In this issue (click on a heading to jump to that section):
*In Other News
*ECAAR Publications
*Action Corner
*Upcoming Events
*How Can I Help


* It is with great sadness that we have to announce that Dorrie Weiss, ECAAR's long-time Board member, UN Representative, and staunch friend, died Wednesday, May 19th at her home in New York City, after a two-year struggle with lung cancer. Dorrie served ECAAR as a spirited activist, a wise advisor, a gracious hostess, and an open-handed donor. She was a light to those of us who were privileged to know her, and we will miss her terribly.

* ECAAR's 2003 Annual Report is now available in PDF form on our website at link. If you would like to see a summary of all of our activities in the last year, please give it a look.
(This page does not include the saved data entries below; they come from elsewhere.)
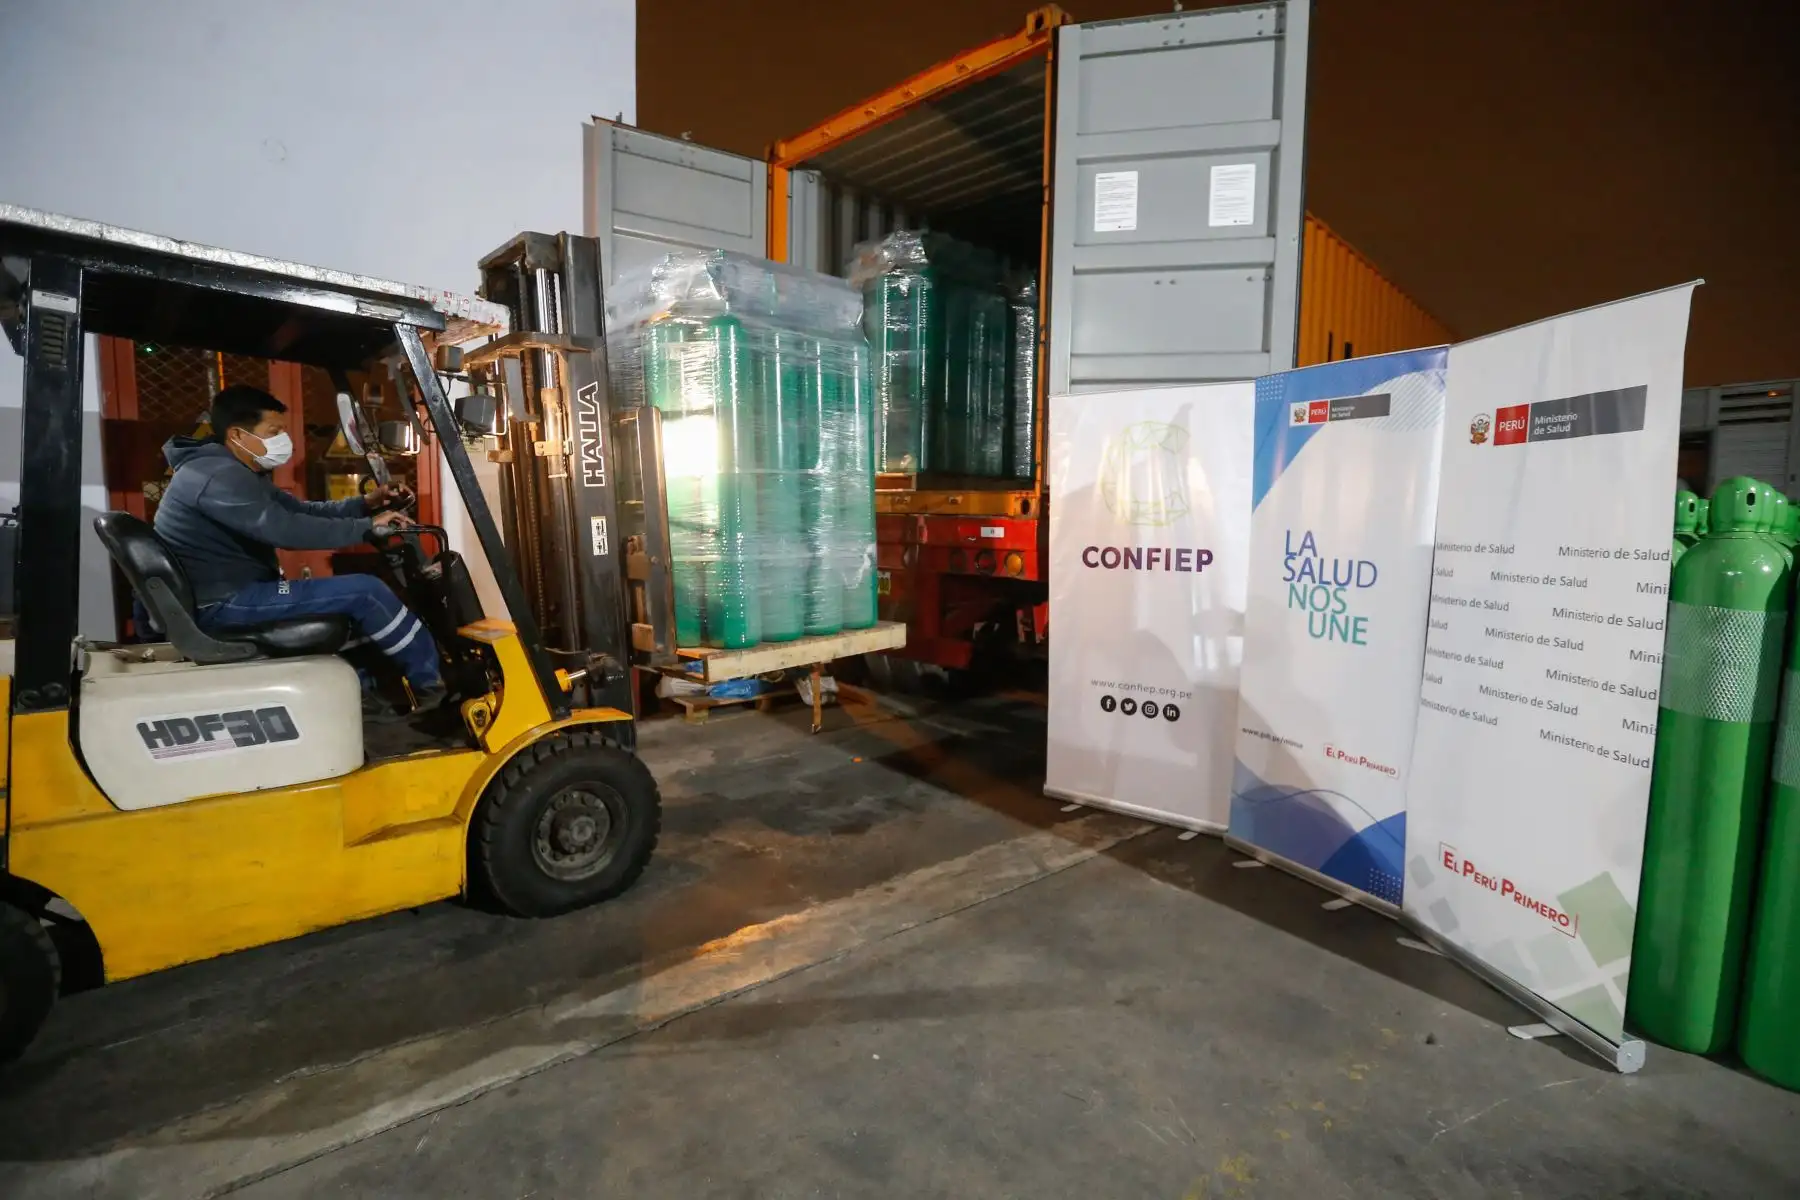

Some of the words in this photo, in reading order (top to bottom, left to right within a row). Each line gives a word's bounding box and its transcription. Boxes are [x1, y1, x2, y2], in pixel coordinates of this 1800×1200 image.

[1499, 416, 1525, 432] PERÚ
[1534, 411, 1578, 425] Ministerio
[1534, 427, 1545, 436] de
[1546, 422, 1571, 434] Salud
[1285, 529, 1317, 558] LA
[1474, 544, 1486, 553] de
[1489, 544, 1515, 555] Salud
[1558, 546, 1610, 559] Ministerio
[1614, 548, 1630, 559] de
[1633, 549, 1670, 561] Salud
[1082, 546, 1213, 572] CONFIEP
[1282, 555, 1378, 588] SALUD
[1490, 571, 1539, 584] Ministerio
[1542, 575, 1556, 585] de
[1560, 575, 1588, 588] Salud
[1288, 582, 1347, 614] NOS
[1469, 598, 1482, 609] de
[1484, 600, 1509, 611] Salud
[1308, 611, 1368, 646] UNE
[1552, 607, 1604, 624] Ministerio
[1607, 614, 1623, 626] de
[1627, 616, 1664, 631] Salud
[1485, 627, 1534, 644] Ministerio
[1536, 635, 1550, 646] de
[1553, 637, 1584, 651] Salud
[1464, 653, 1476, 664] de
[1478, 656, 1504, 669] Salud
[1091, 678, 1193, 699] www.confiep.org.pe
[1546, 669, 1599, 688] Ministerio
[1601, 681, 1616, 693] de
[1619, 684, 1657, 700] Salud
[1479, 684, 1528, 704] Ministerio
[1530, 697, 1544, 708] de
[1547, 700, 1578, 716] Salud
[136, 705, 300, 750] HDF30
[1459, 709, 1470, 719] de
[1472, 712, 1498, 726] Salud
[1540, 729, 1595, 753] Ministerio
[1597, 746, 1610, 758] de
[1613, 750, 1650, 769] Salud
We are proud of our accomplishments in 2003, and appreciate your continuing support.

* ECAAR Board member, Richard Jolly is the editor in chief of the journal, "Insights," published as part of the id21 programme at the Institute of Development Studies in Sussex, UK. The journal is published every three months as a research reporting service to makers and reformers of development policy, development professionals and other stakeholders. It offers a cross-section of policy-relevant social and economic research findings from UK-based researchers and institutes, organised around topical themes.

The current issue's theme is military spending and development. Dr. Jolly invited ECAAR to participate in the editorial process, and the result includes articles by Kate Cell on Challenges to Human Security in the New South Africa; ECAAR Board member Oscar Arias on New Challenges to Global Peace; Steven Kosiak, of the Center for Strategic and Budgetary Assessments (a Security Policy Working Group partner) on Cost of US Military Operations in Afghanistan and Iraq; Dylan Hendrickson, of the Conflict, Security and Development Group at Kings College, and Nicole Ball, of the Center for International Policy on Behind the Scenes Military Spending; Debbie Hiller, of Oxfam Control Arms Campaign on Guns but no Bread; and Robert Muggah of the Small Arms Survey on Small Arms - Big Bills .
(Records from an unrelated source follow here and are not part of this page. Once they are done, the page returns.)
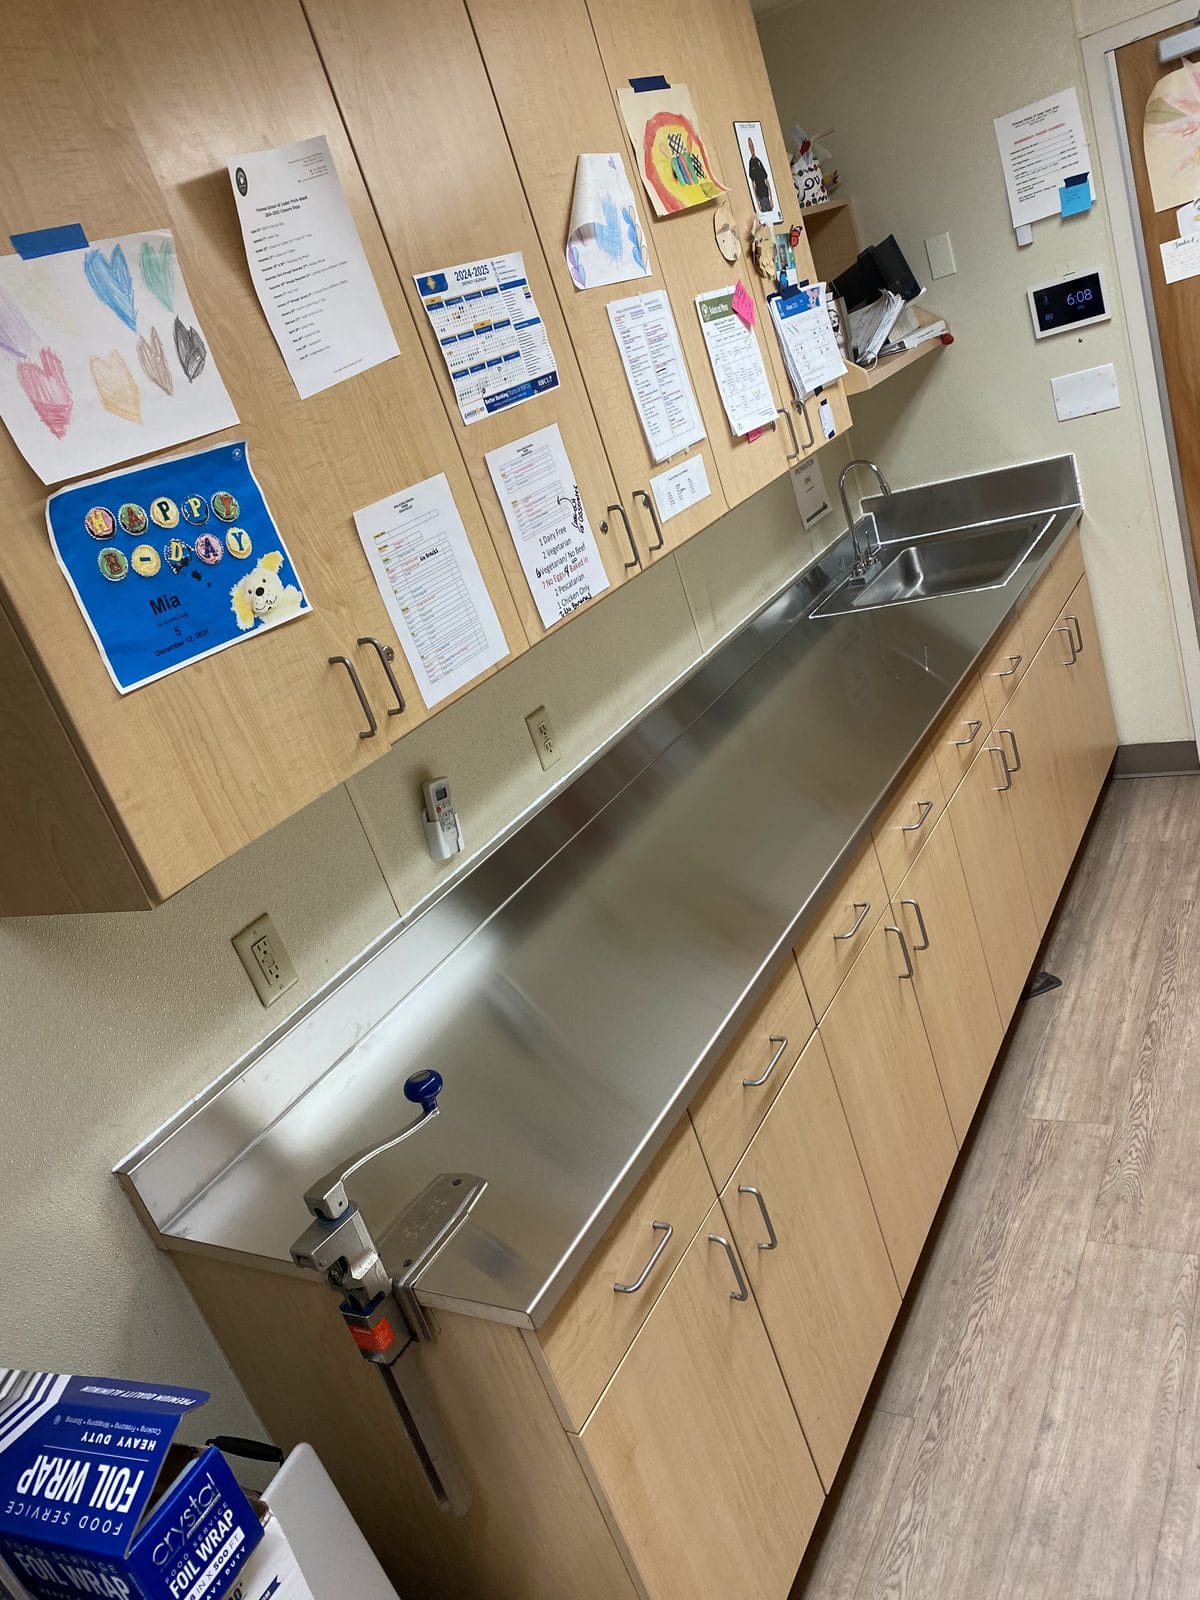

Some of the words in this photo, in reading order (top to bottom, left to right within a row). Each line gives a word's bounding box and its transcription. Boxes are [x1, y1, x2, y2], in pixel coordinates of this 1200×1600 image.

[454, 264, 490, 282] 2024-2025
[1066, 288, 1093, 306] 6:08
[87, 492, 238, 536] HAPPY
[542, 532, 557, 545] Dairy
[555, 526, 568, 537] Free
[101, 530, 250, 578] B-DAY
[546, 538, 572, 557] Vegetarian
[568, 550, 576, 559] No
[574, 542, 586, 555] Beef
[568, 559, 584, 574] Baked
[546, 578, 554, 588] No
[557, 573, 586, 594] Pescatarian
[150, 594, 181, 616] Mia
[561, 590, 580, 607] Chicken
[578, 584, 592, 597] Only
[174, 626, 182, 637] 5
[155, 637, 187, 657] December
[195, 628, 210, 640] 2020
[80, 1385, 121, 1397] ALUMINUM
[120, 1390, 158, 1400] QUALITY
[155, 1394, 197, 1406] PREMIUM
[114, 1422, 137, 1433] Freezing
[140, 1424, 162, 1436] Cooking
[80, 1431, 113, 1446] DUTY
[116, 1436, 158, 1452] HEAVY
[16, 1454, 91, 1505] WRAP
[88, 1463, 145, 1514] FOIL
[5, 1500, 71, 1526] SERVICE
[152, 1471, 221, 1566] crystal
[79, 1515, 124, 1536] FOOD
[192, 1501, 229, 1549] SERVICE
[168, 1558, 201, 1600] FOIL
[195, 1508, 234, 1562] WRAP
[213, 1549, 230, 1571] 500
[224, 1546, 246, 1576] DUTY
[13, 1551, 69, 1587] FOIL
[57, 1562, 131, 1600] WRAP
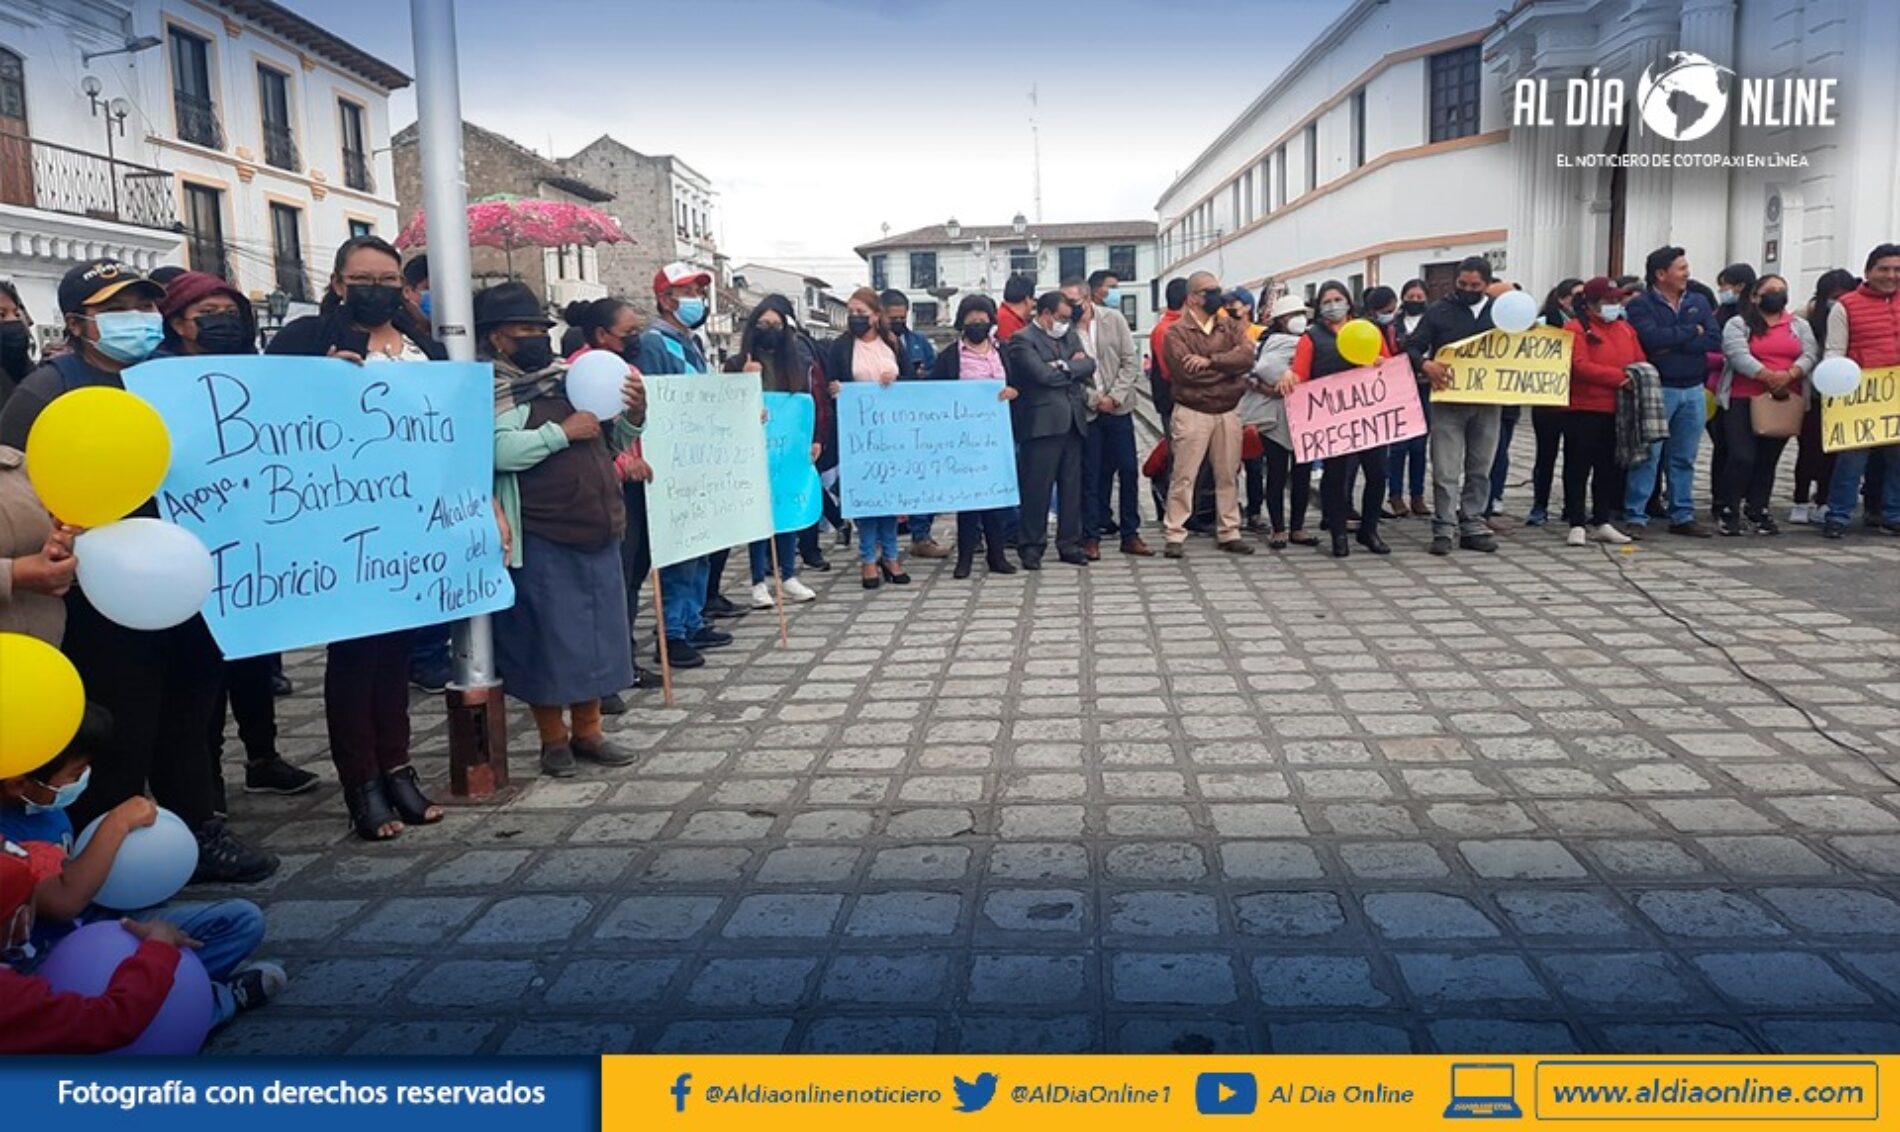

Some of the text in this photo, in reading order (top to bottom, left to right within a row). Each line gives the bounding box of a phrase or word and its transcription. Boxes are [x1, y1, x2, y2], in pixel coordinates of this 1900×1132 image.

[1515, 335, 1563, 360] APOYA
[1307, 370, 1387, 422] MULALÓ
[1466, 367, 1488, 391] DR
[353, 381, 456, 460] Santa
[1301, 406, 1408, 462] PRESENTE
[1853, 417, 1877, 444] DR
[465, 533, 488, 562] del
[210, 525, 448, 618] Fabricio Tinajero
The issue begins with an introduction by Richard Jolly, writing, "War in Iraq and Afghanistan, conflict between Israel and Palestine and terrorist attacks in a score of major cities have dominated the international headlines in the last three years. Few doubt their interconnections – although the sequence of cause and effect are matters of passionate debate. Meanwhile, instability grows and development, the Millennium Development Goals and poverty reduction are sidelined. Little attention is given to how the increase in military spending has been squeezing the resources available for development." The magazine is featured on the id21 website at and is available in print - for a free subscription please send your postal address to

* ECAAR Board member, Jurgen Brauer presented a paper on United States Military Expenditure at the recent The Other Economic Summit (TOES), in Brunswick, GA. The TOES summit was an alternative to the G-8 summit which was occurring at the same time on Sea Island, GA. Dr. Brauer's paper reviews United States military expenditure for the past few decades. The major message is that use of federal budget-based military expenditure data should be avoided. The economically relevant data to use are those recorded in the U.S. National Income and Product Accounts (NIPA). For 2003, the difference between Department of Defense budget-based and NIPA U.S. military expenditure amounts to well over $100 billion dollar. Even the NIPA data are incomplete as they fail to allocate a proportion of interest payments on the federal debt to the national defense account. You can download the paper at

* ECAAR-UK has recently been listed as a resource on The network is a non profit organisation that seeks to promote the values of peace, equality and social justice. The website provides a forum where activists can exchange information. They also seek to encourage participation by people new to progressive politics by providing an easily accessible cluster of news, facts and information.

* ECAAR-Germany celebrated its one year anniversary with its annual meeting, open to the public on June 9th. The following were the main topics of discussion:

  • Wolfram Elsner resigned from his post as chair of ECAAR-Germany. He will, however, continue in the post until a successor can be found. Suggestions are very welcome.
  • Main topic of the discussion were the two next EAEPE annual conferences in October in Crete and in Bremen, Germany, in 2005. Donations are urgently needed to finance the key note speaker in Crete, Michael Intrilligator. The conference in Bremen will hopefully be attended by many interested in ECAAR and could thus initiate further scientific work.
  • A bank account will be opened in the name of ECAAR-Germany so that donations can be received, e.g. for the attendence of Michael Intrilligator in Crete or to support activities of members from ECAAR-Russia.
  • In order toattract more participation in ECAAR-Germany activities, it was suggested to organize lectures on ECAAR relevant topics also in connection with "business meetings". Further suggestions are welcome.
Please see the new ECAAR-Germany website for more information on their activities:

* On June 14th an article in the Taipei Times by Joseph Stiglitz addressed the issue of International Norms Exist for a Reason. Dr. Stiglitz writes, "[S]omething has gone wrong with the system of checks and balances in the US' democracy. Congress and the press should have checked the president. The international community tried. Unfortunately, the global system of international law and governance remains too weak to prevent the determined misbehavior of the president of the world's most powerful country if he is hell-bent on starting a war on his own.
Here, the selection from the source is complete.